Investors Risk Losing “all the monies they have put in cryptocurrencies,” says MAS
The Monetary Authority of Singapore (MAS), the central bank and top financial regulator of Singapore, said it is not able to determine the percentage of crypto holdings held by the public. The reason for this is that these holdings include transactions with both local and overseas service providers, said Tharman Shanmugaratnam, chairman of MAS, in a reply to a question by a parliament member.
“Data on the total cryptocurrency holdings of the Singapore public are not available, as these involve transactions with both Singapore-based and overseas service providers. It is therefore not possible to determine the proportion of cryptocurrency holdings that the public has obtained through MAS-licensed DPT service providers.”
– Tharman Shanmugaratnam, Chairman of the Monetary Authority of Singapore
Shanmugaratnam also warned investors that they could lose all funds they invested in crypto due to the significant market volatility. Because of that, the central bank leader cautioned the general public against crypto investing.
“MAS has continued to reiterate its warnings that retail investors should not trade in cryptocurrencies. The prices of cryptocurrencies fluctuate wildly and investors stand to lose all the monies they have put into cryptocurrencies.”
Crypto Sell-Off Prompts MAS to Impose Tighter Regulations on Retail Trading
But MAS’ warnings against crypto investing shouldn’t come as a surprise as the city-state’s central bank has significantly tightened its regulatory policy concerning crypto assets in recent months. This shift comes as a result of the steep sell-off in the crypto market this year prompted by rampant inflation, interest rate hikes, and collapses of several crypto projects.

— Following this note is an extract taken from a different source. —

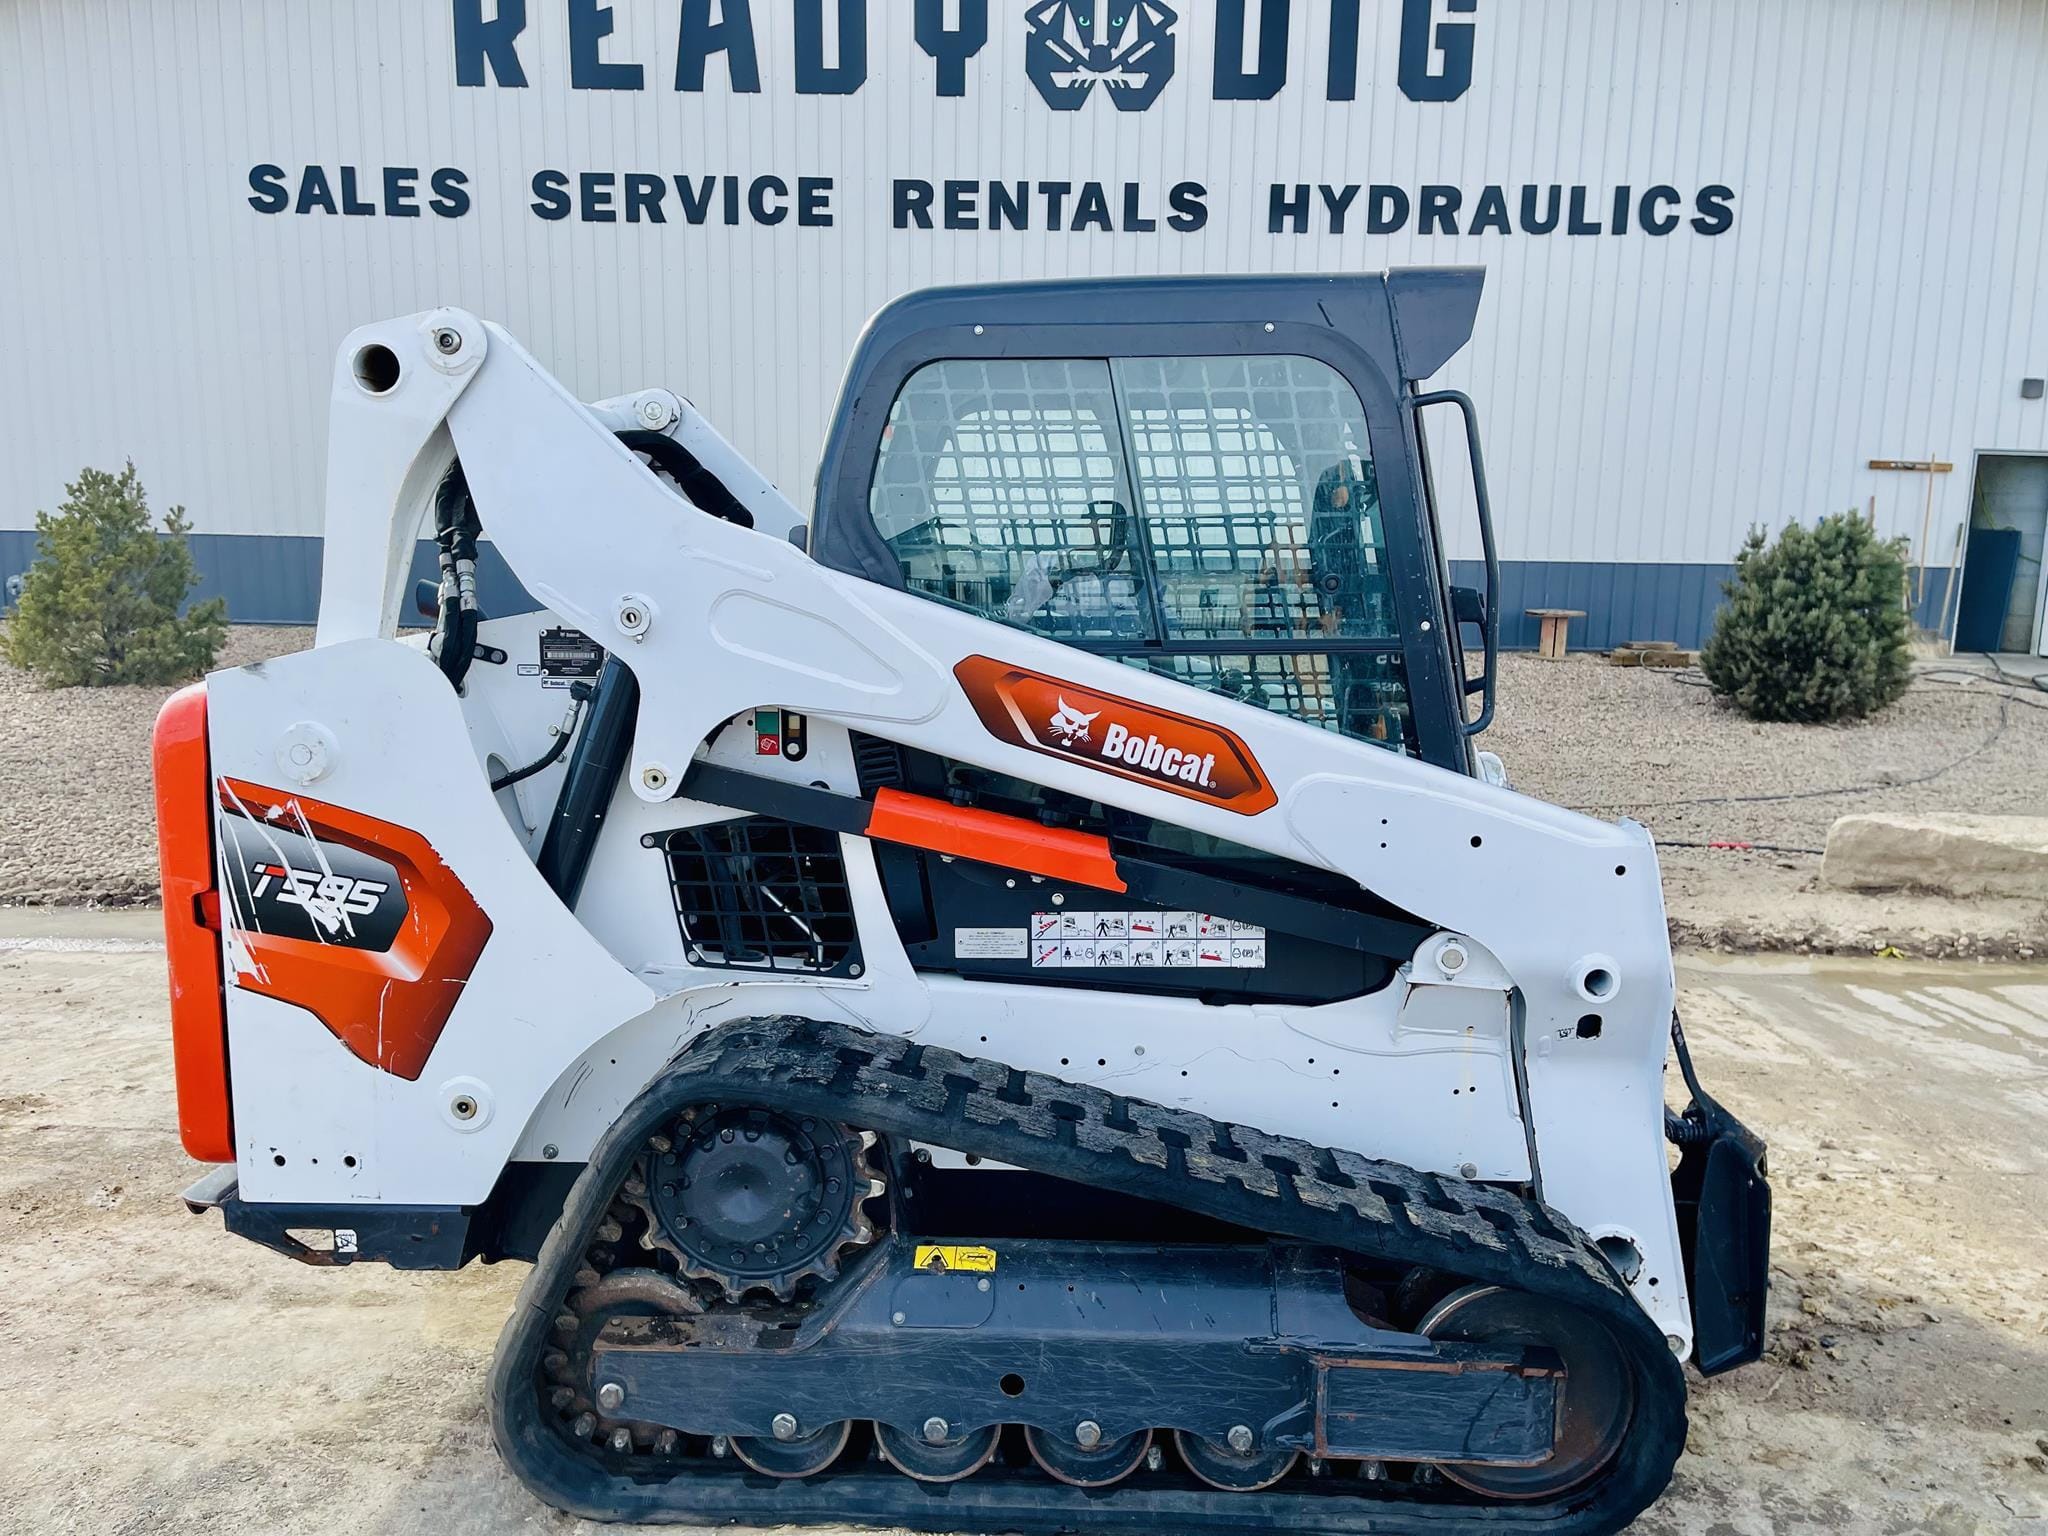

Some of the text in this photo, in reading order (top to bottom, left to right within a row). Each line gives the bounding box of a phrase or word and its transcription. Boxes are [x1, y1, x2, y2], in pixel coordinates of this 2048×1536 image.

[454, 0, 1477, 102] READY DIG
[247, 163, 1736, 236] SALES SERVICE RENTALS HYDRAULICS
[1101, 722, 1217, 788] Bobcat

One of the events that pushed MAS to tighten crypto regulations is the bankruptcy of the digital asset hedge fund Three Arrows Capital (3AC) earlier this year. Other firms that failed to survive the ongoing crypto winter include Celsius Network and Voyager Digital, among others.
The market turmoil, exacerbated by the implosion of the algorithmic stablecoin TerraUSD (UST) and LUNA in May, led to massive losses suffered by retail investors. As a result, the MAS said last month it is considering imposing certain limitations on the use of leverage and credit facilities by retail investors.